(n.) A star that leads; a guiding star; esp., the polestar; the cynosure.
(n.) Same as Loadstar.
Example Sentences:
(1) But as one New Labour shibboleth after another, from nationalisation to higher taxes on the rich, has fallen under the pressure of the crisis, it has certainly underlined the price of the corporate embrace that has been its lodestar from its inception (and the Conservatives', naturally, long before that).
(2) After all, allowing those in work to keep a larger stretch of income before the state sees fit to withhold some of it is supposed to be a governing lodestar.

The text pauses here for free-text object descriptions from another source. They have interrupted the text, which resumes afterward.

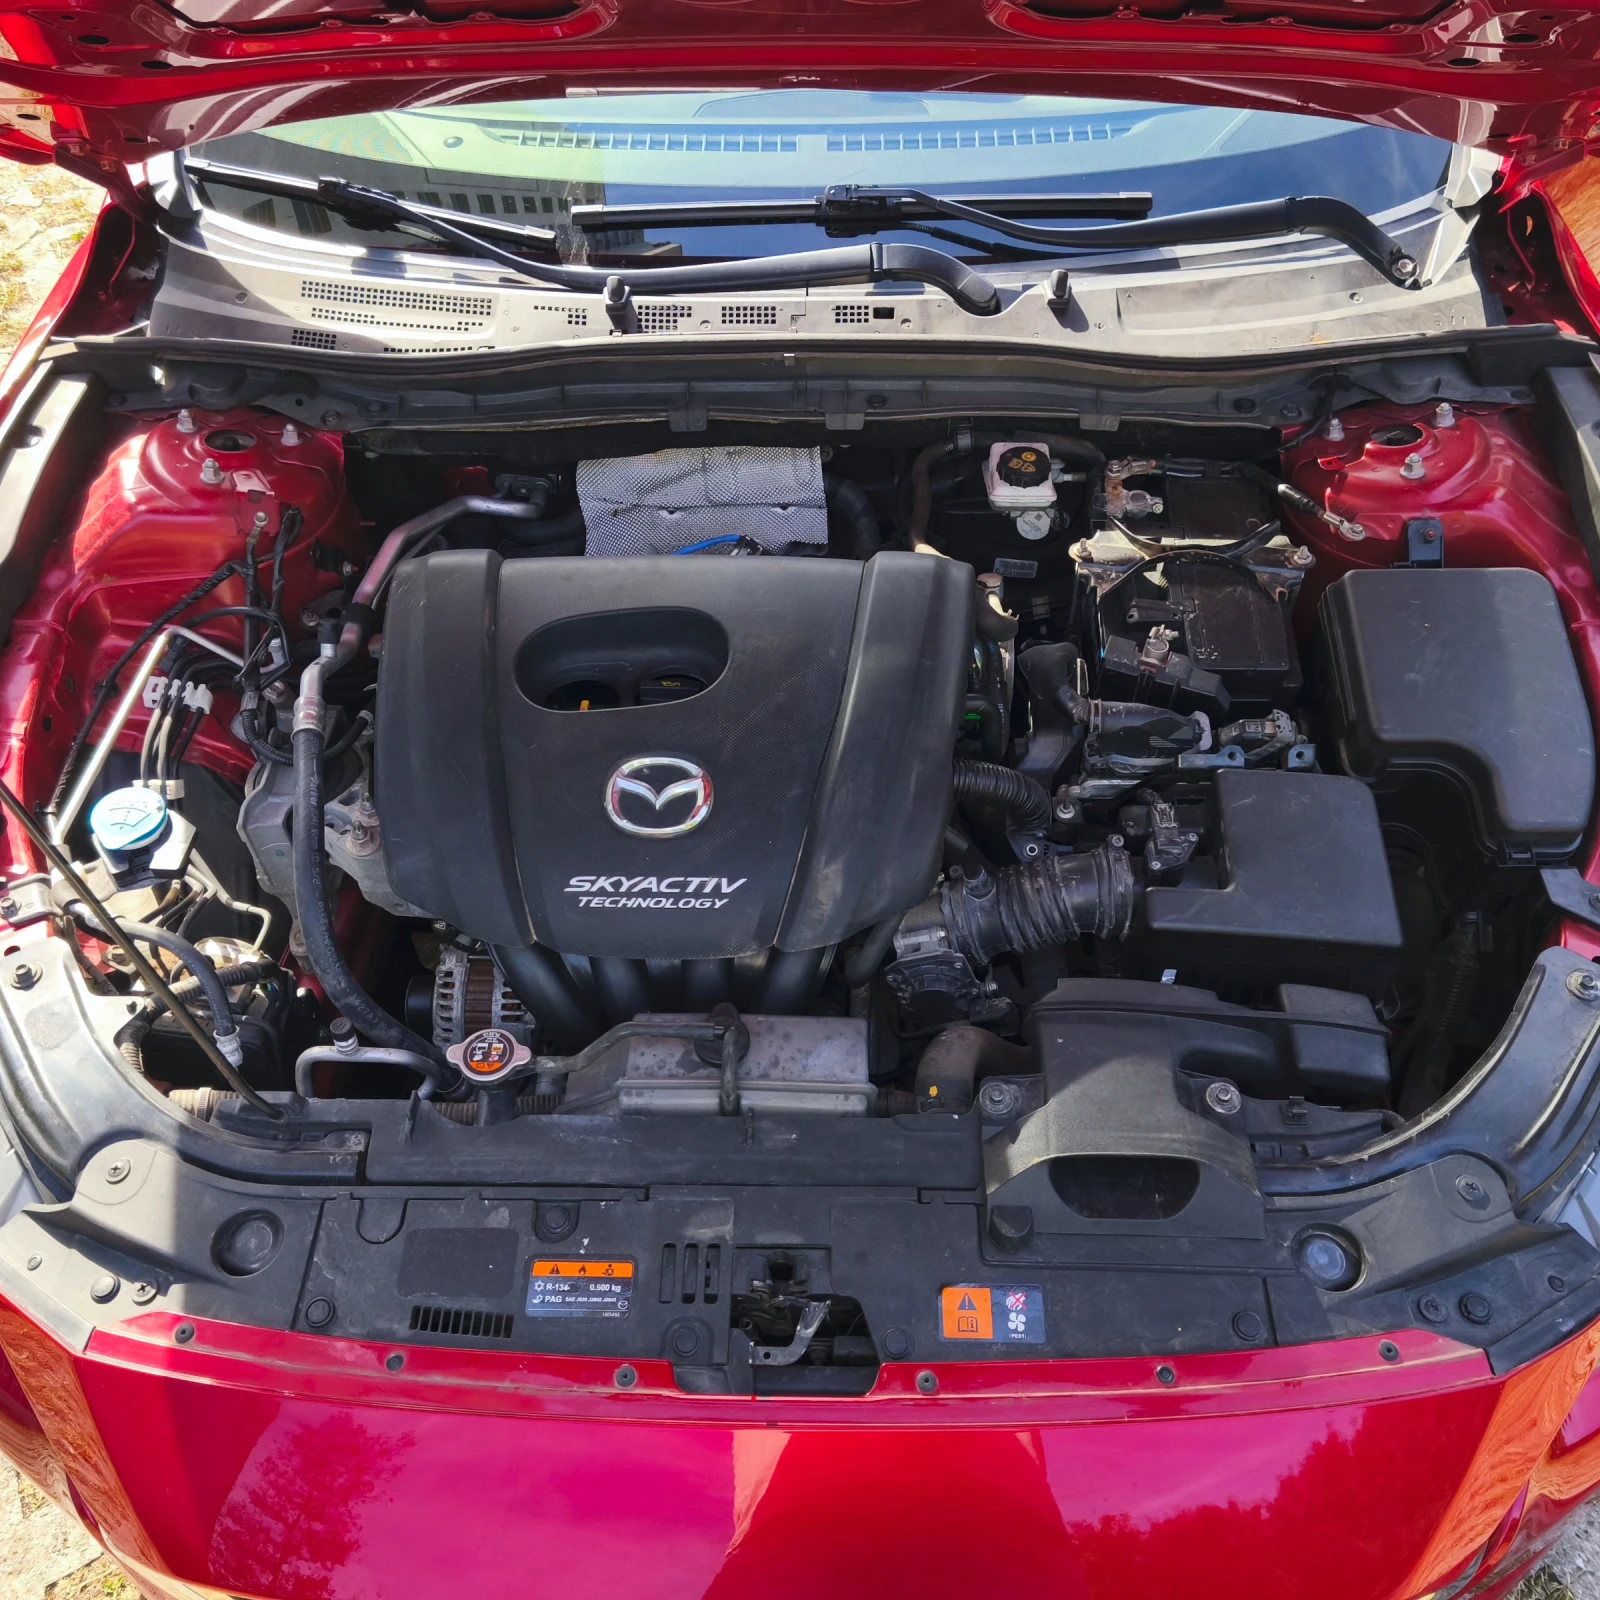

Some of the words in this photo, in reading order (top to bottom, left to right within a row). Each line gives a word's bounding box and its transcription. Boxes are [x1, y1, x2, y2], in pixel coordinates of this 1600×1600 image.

[310, 776, 320, 806] Parker
[564, 876, 747, 893] SKYACTIV
[578, 896, 729, 909] TECHNOLOGY
[546, 1282, 570, 1292] R-134
[589, 1284, 609, 1292] 0.500
[611, 1284, 621, 1293] kg
[544, 1295, 562, 1303] PAG

(3) Ever since Ronald Reagan famously dubbed government “the problem, not the solution” in his historic 1980 presidential campaign, Republican money, Republican leadership and Republican policy have all clustered around the lodestar faith that the basic operations of government – and the existence of a public sphere – were nothing less than a metaphysical affront to the one true faith of unalloyed laissez-faire.
(4) But optimism is his lodestar: "Of course I'm optimistic," he says.
(5) But a recent Resolution Foundation commission report on the minimum wage, chaired by Prof Sir George Bain, the first chairman of the Low Pay Commission (LPC), recommended a rate at 60% of average earnings as a "reasonable lodestar".
(6) Anguished rumours abounded on Twitter and elsewhere as South Africa contemplated the loss of its moral lodestar, an event that will be a national trauma .
(7) Her political lodestars, she says, "are people like Arundhati Roy.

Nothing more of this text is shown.